Dataset entries:
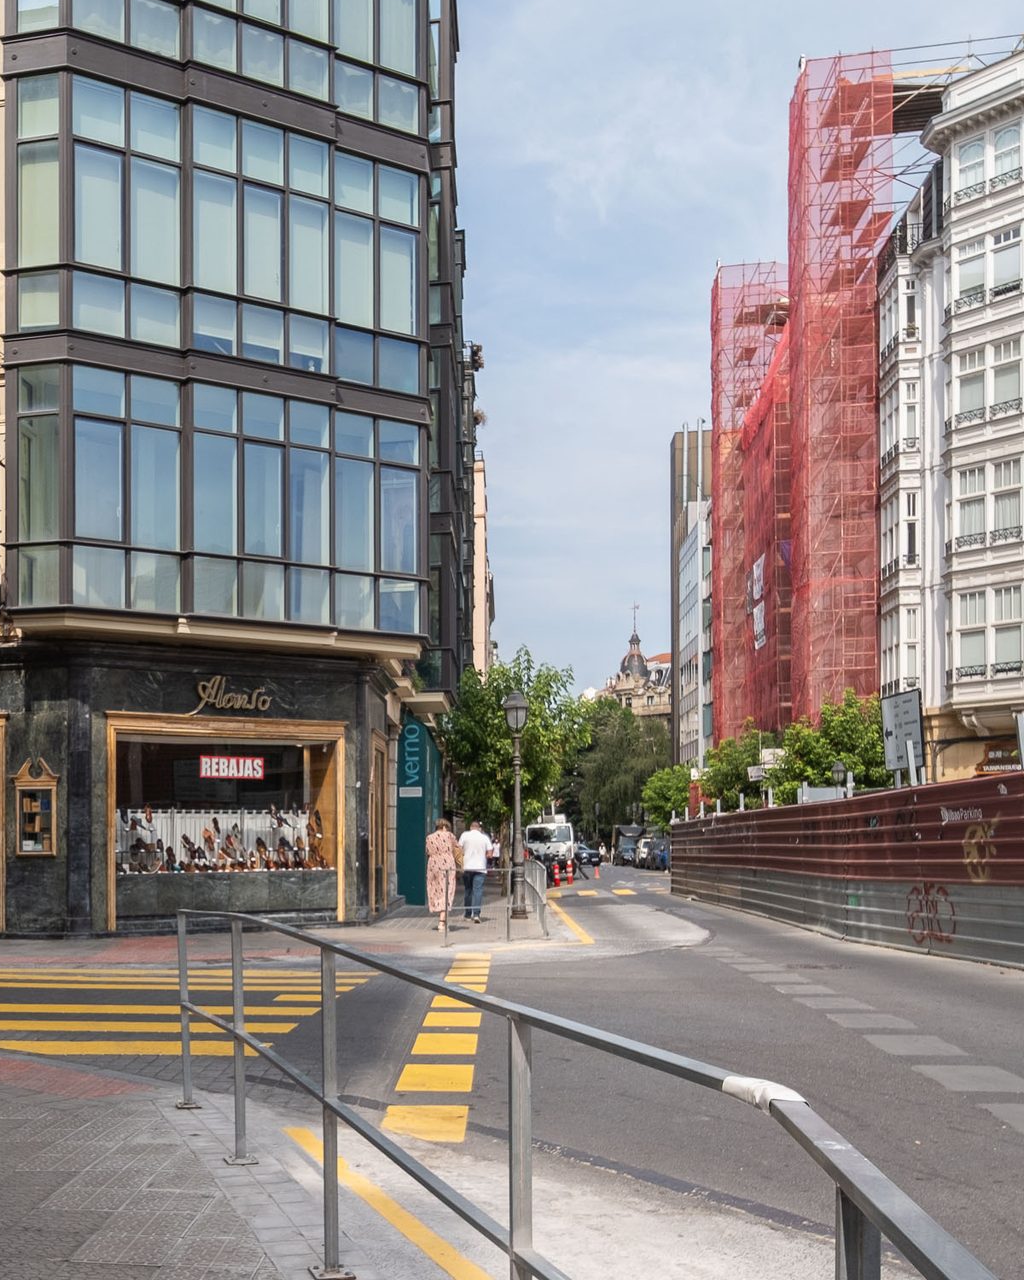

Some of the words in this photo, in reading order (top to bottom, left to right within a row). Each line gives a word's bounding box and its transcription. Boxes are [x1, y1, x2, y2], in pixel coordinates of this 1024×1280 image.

[186, 675, 273, 717] Alonso
[201, 757, 263, 778] REBAJAS
[404, 724, 420, 785] verno
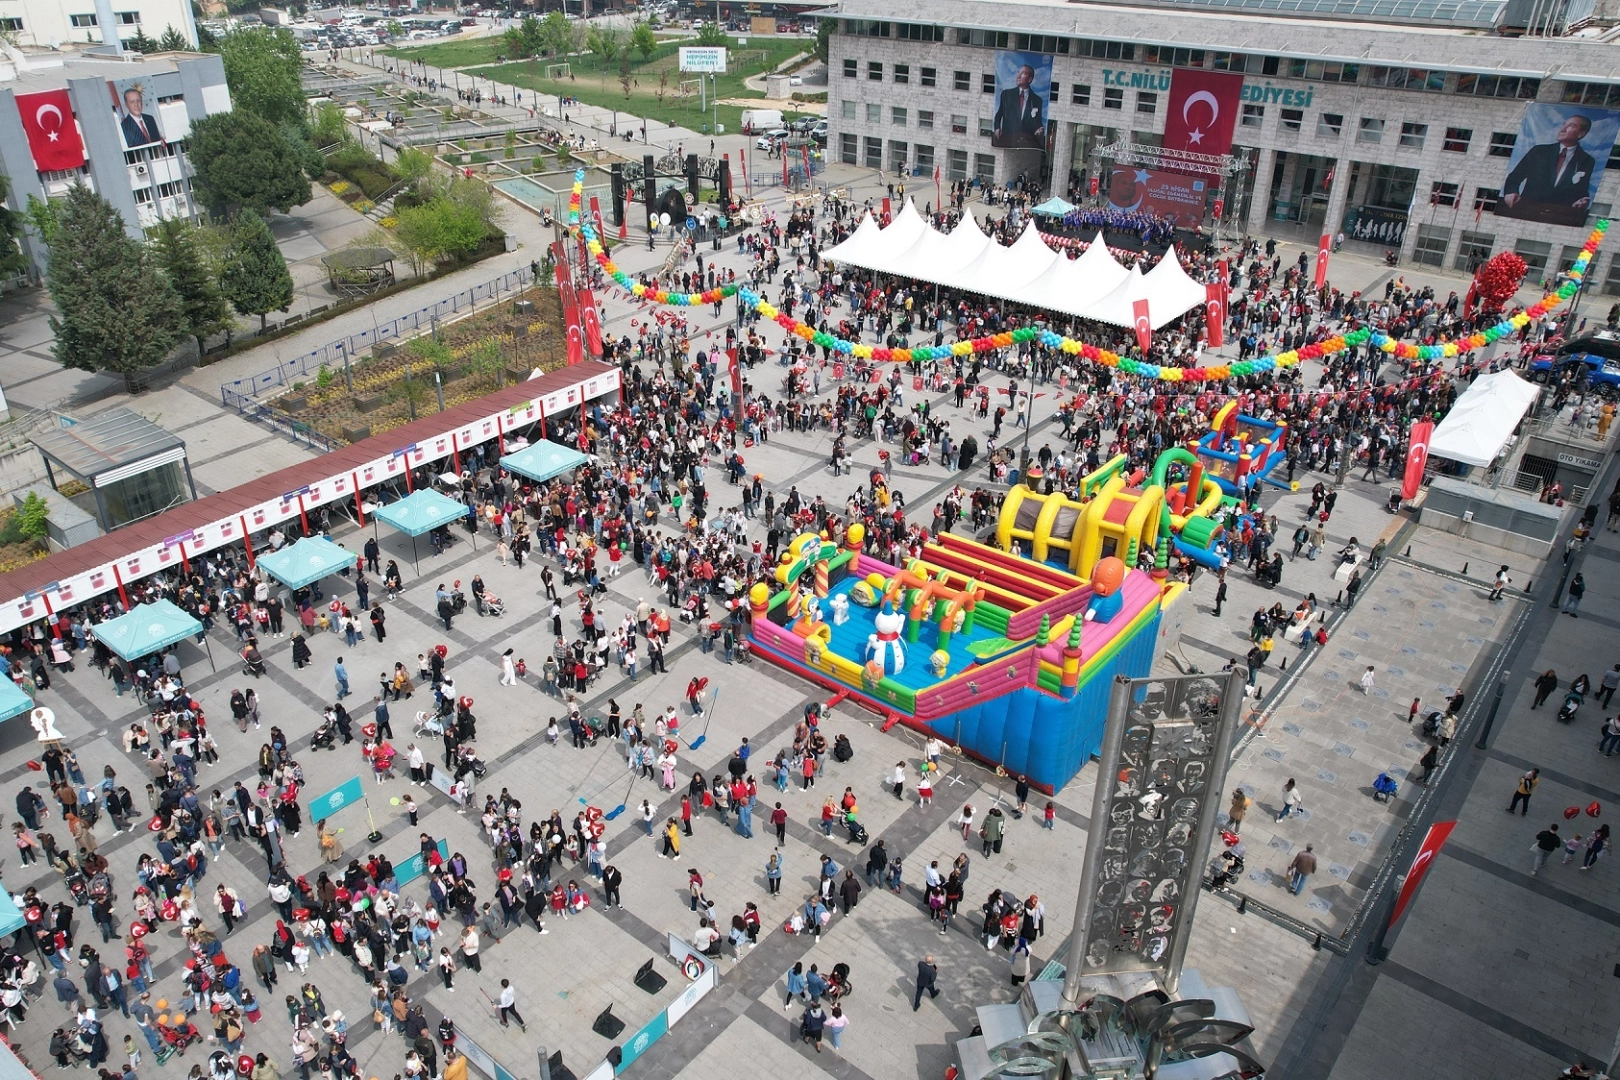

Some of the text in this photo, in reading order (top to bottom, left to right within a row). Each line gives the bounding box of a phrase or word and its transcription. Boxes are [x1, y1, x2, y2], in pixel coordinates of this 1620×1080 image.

[1241, 81, 1314, 108] EDİYESİ
[1559, 454, 1601, 468] OTO YIKAMA
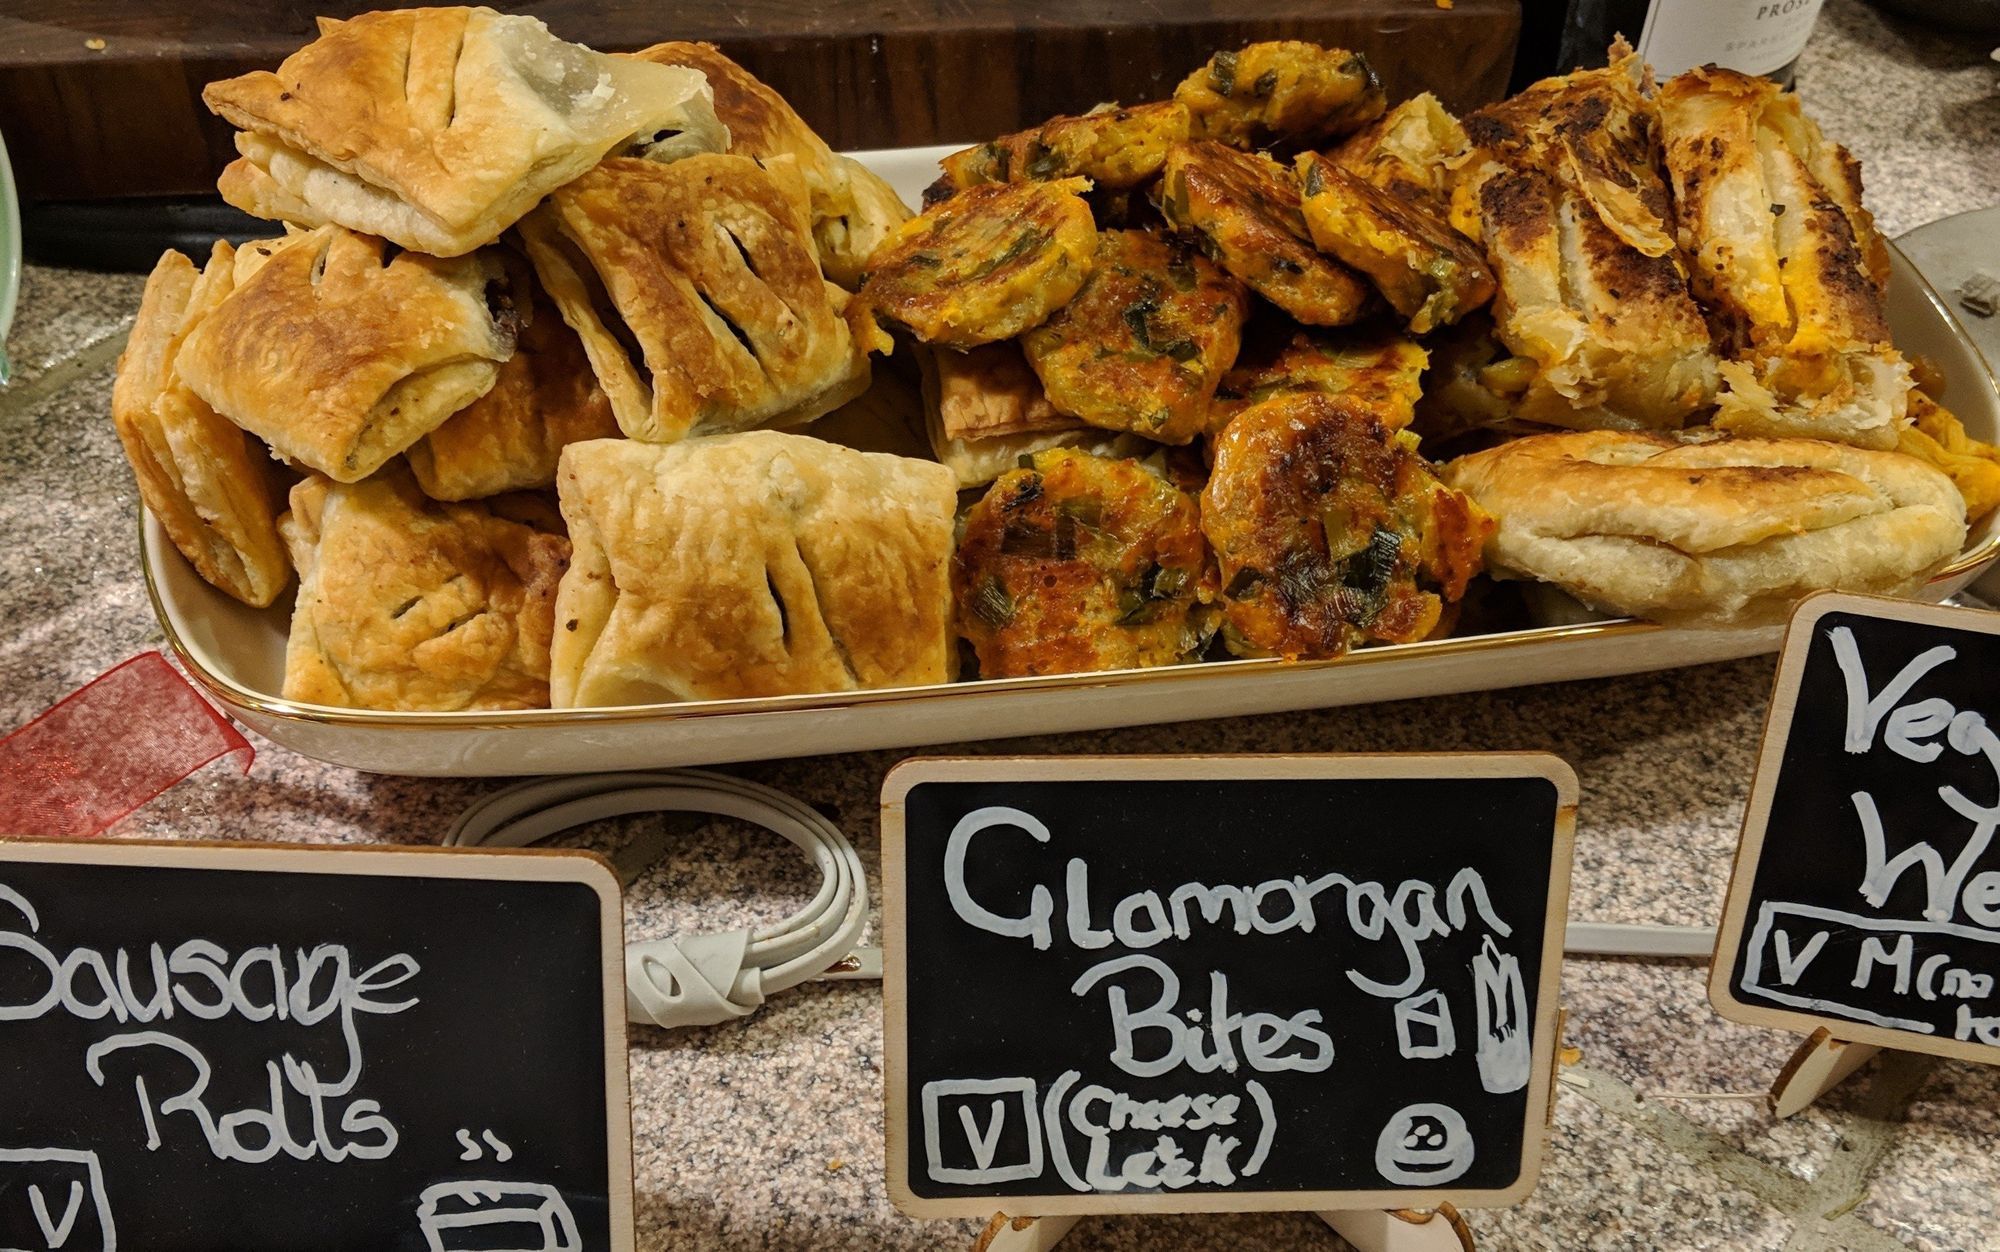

ACTIVITY: The job here is to write out the records exactly, pictures excluded.

TASK ANSWER:
Some of the words in this photo, in reading order (top to bottom, left to right within a row). Each line gives a word's bounding box and its transcription. Boxes are [x1, y1, x2, y2], in pixel coordinates of this 1024×1280 image.

[186, 675, 273, 717] Alonso
[201, 757, 263, 778] REBAJAS
[404, 724, 420, 785] verno

Some of the text in this photo, in reading order (top to bottom, left to right within a row). Each line gives the bounding box of a phrase or word and its transcription. Boxes are [x1, y1, x2, y2], in pixel coordinates of this 1620×1080 image.

[1241, 81, 1314, 108] EDİYESİ
[1559, 454, 1601, 468] OTO YIKAMA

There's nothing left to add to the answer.